U.S. Senate Votes Down Joint Employer Rule 50-48, but Veto Likely | Franchise News


Nearly three months after the U.S. House of Representatives voted to overturn the National Labor Relation Board’s new joint employer rule, the upper chamber followed suit.

In a 50-48 vote April 10, the U.S. Senate approved its own Congressional Review Act resolution to reverse the NLRB’s decision. The CRA is a tool allowing legislators to reverse the action of a federal agency, which in this case was a new standard for determining joint employer status.

The NLRB announced the new standard in October 2023, but it has yet to go into effect because of challenges in federal court. If it were to take effect, a franchisor could share the liability for labor law violations with franchisees, and a legal obligation would exist for the franchisors to negotiate with unions.

With both chambers voting in favor, the resolution now goes to President Joe Biden’s desk for either a signature or a veto. To encourage the former, the International Franchise Association sent a petition with more than 5,000 signatures from the franchise community to the president following the Senate’s vote. The White House said in January Biden would veto an attempt to repeal the rule. A two-thirds vote in both the House and Senate would be needed to overturn a veto.

Michael Layman, IFA senior VP of government relations and public affairs, called Wednesday’s vote a “historic legislative victory for franchising.”

“The Senate had never voted on the joint employer issue the way the U.S. House had over the years,” Layman said. “It’s great, but the job is not done. We need the president to support the franchise model and also sign the measure.

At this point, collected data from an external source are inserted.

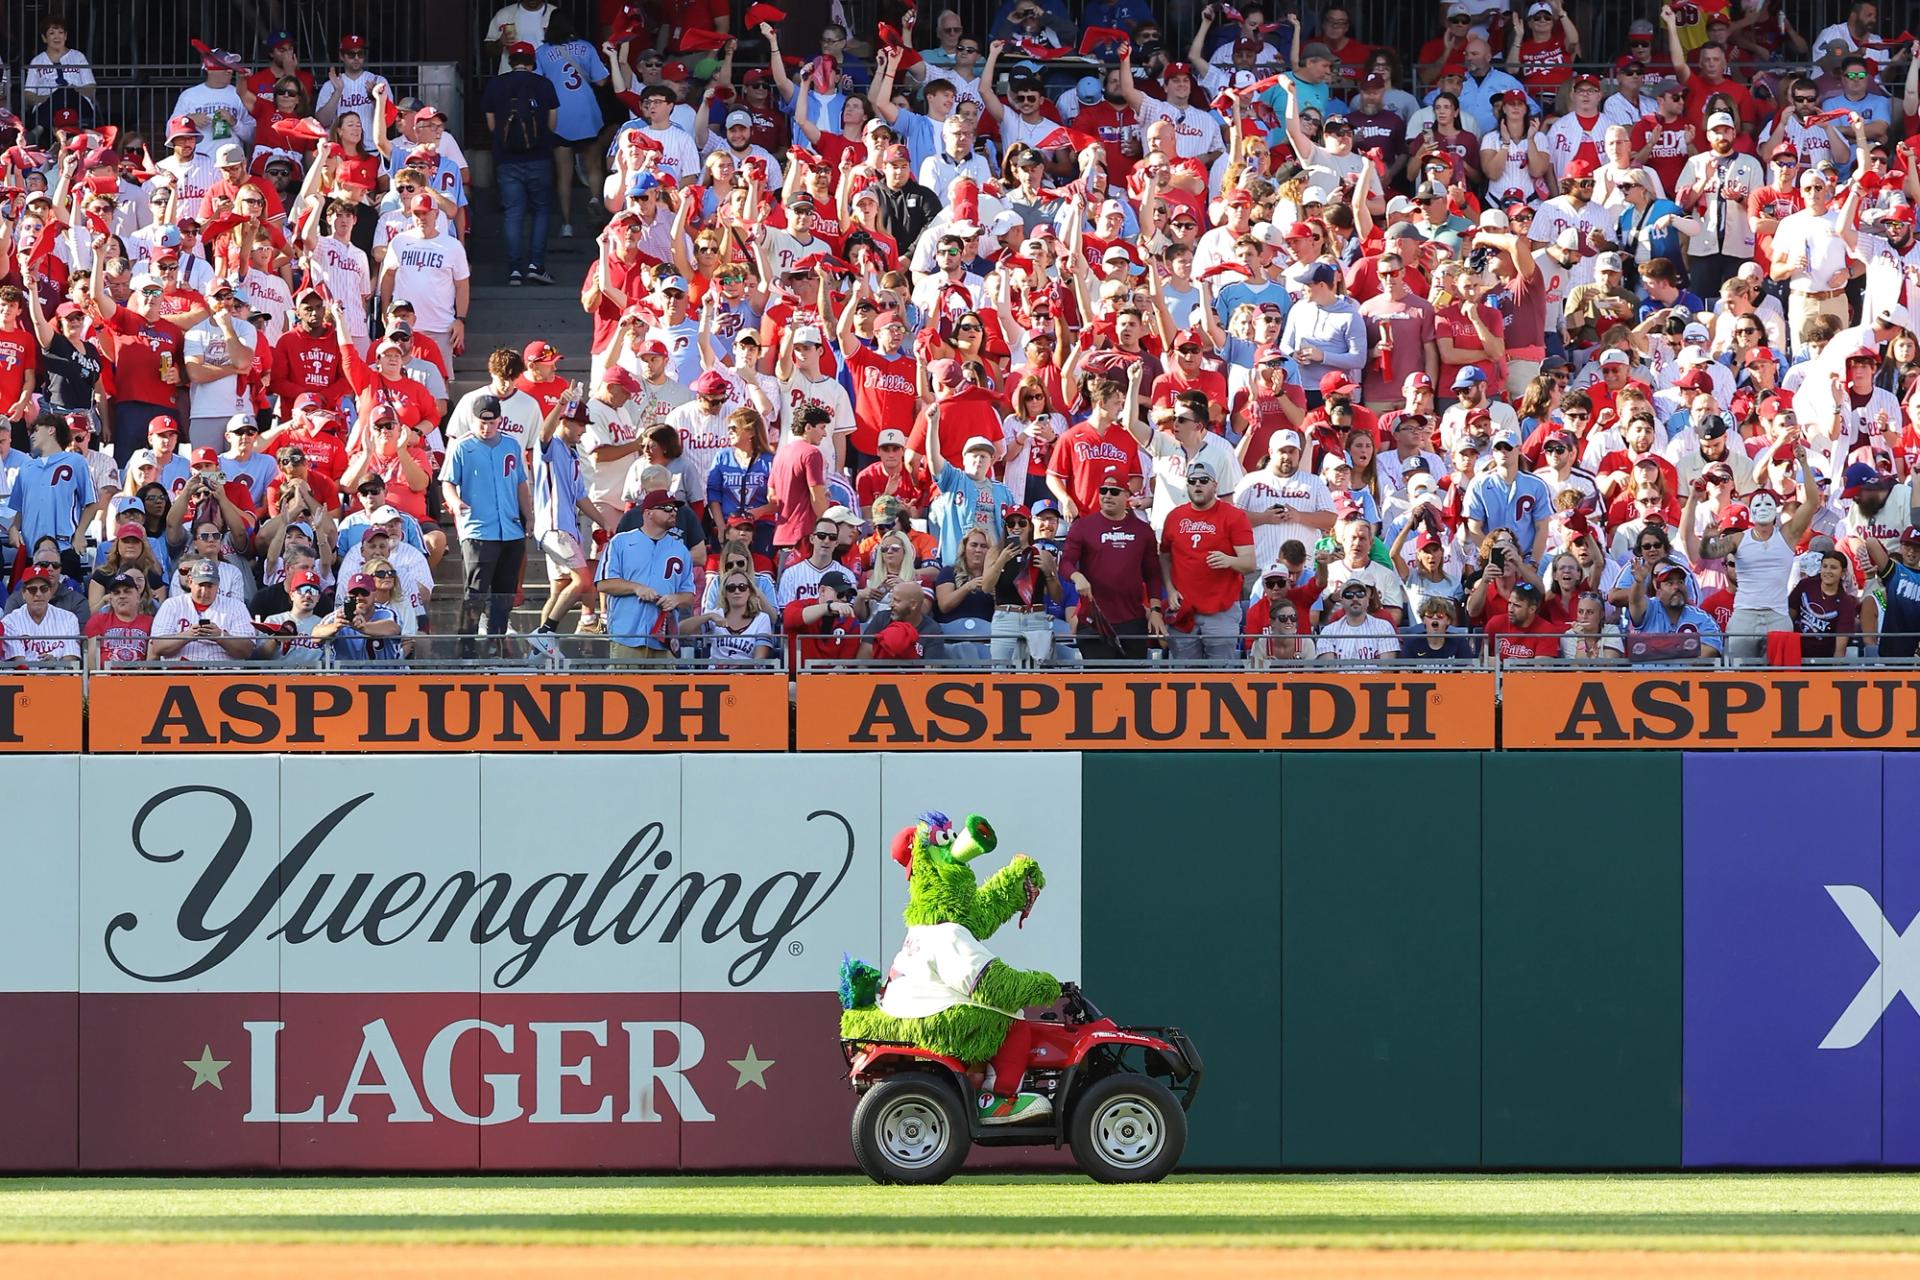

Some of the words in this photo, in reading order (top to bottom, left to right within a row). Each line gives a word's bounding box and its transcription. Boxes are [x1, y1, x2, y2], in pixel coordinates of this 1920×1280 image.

[563, 63, 583, 90] 3
[340, 93, 372, 108] hillie
[441, 172, 455, 191] P
[401, 250, 444, 269] PHILLIES
[150, 340, 159, 351] P
[672, 336, 688, 352] P
[6, 356, 17, 371] P
[313, 360, 322, 374] P
[864, 366, 914, 394] Phillies
[498, 416, 524, 434] llies
[1074, 441, 1128, 463] Phillies
[504, 453, 516, 478] P
[51, 465, 72, 486] P
[1253, 482, 1310, 499] Phillies
[1515, 495, 1535, 521] P
[976, 513, 988, 523] 24
[1179, 518, 1216, 533] Phillies
[1101, 531, 1135, 543] phillies
[1191, 533, 1201, 549] P
[1856, 524, 1900, 541] Phillies
[664, 556, 684, 579] P
[369, 638, 384, 661] P
[716, 638, 753, 654] PHILLIES
[728, 649, 737, 657] P
[1502, 639, 1534, 657] Phillies
[141, 684, 730, 744] ASPLUNDH
[848, 682, 1436, 743] ASPLUNDH
[105, 785, 854, 988] Yuengling
[243, 1018, 716, 1125] LAGER
[980, 1094, 992, 1108] P

We think it’s an opportune time to use the CRA to lock in the direct control standard that really strikes the right balance between franchisor and franchisee.”







Michael Layman IFA NEW

Michael Layman, senior vice president of government relations and public affairs for the International Franchise Association


The overwhelming majority voting in favor of Wednesday’s resolution were Republicans, with 48 supporting the measure. They were joined by Sens. Joe Manchin, D-WV, who co-authored the bill, and Kyrsten Sinema, I-AZ. Voting against were 47 Democrats and Sen. Josh Hawley, R-MO. Sens. Mike Lee, R-UT and Bob Menendez, D-NJ, did not vote.

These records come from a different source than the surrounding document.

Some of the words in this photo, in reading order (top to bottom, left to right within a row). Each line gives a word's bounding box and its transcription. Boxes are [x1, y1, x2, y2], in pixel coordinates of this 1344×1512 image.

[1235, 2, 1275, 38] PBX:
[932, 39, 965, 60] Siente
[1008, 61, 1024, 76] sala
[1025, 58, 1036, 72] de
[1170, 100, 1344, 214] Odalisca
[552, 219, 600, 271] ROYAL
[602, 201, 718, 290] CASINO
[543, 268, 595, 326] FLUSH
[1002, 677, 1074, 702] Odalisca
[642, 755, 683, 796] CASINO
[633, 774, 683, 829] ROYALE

The previous vote in the House also had slight bipartisan support, with eight Democrats joining 198 Republicans to pass the resolution 206-177. If successful, the congressional action would keep the current joint employer rule, set in 2020, in place.

A similar rule to the one introduced by the NLRB in October was in effect previously, though, which led to several challenges, according to the IFA. The association claims that under the previous rule, there was a 93 percent spike in lawsuits and it cost businesses $33.3 billion.

To halt the new attempt, in addition to the legislative front, the IFA supported legal action against the NLRB. The association was one of several supporters of a lawsuit filed by the U.S. Chamber of Commerce in the U.S. District Court for the Eastern District of Texas.

The lawsuit claimed the NLRB exceeded the scope of its authority and violated the Administrative Procedure Act by failing to respond to comments regarding the rule’s economic consequences. The rule was set to take effect March 11, but was struck down March 8 by U.S. District Judge J. Campbell Barker in Tyler, Texas.

Barker wrote the rule, “would treat virtually every entity that contracts labor as a joint employer because virtually every contract for third-party labor has terms that impact, at least indirectly… essential terms and conditions of employment.”

Because of potential challenges in court, Layman said the main priority remains on the legislative side of the battle.

“There’s uncertainty ahead in the courts, whether it’s appeals or other filings,” Layman said. “However, just by signing the CRA resolution into law, that will provide real certainty and prevent broad joint employer rules from being advanced in the future.”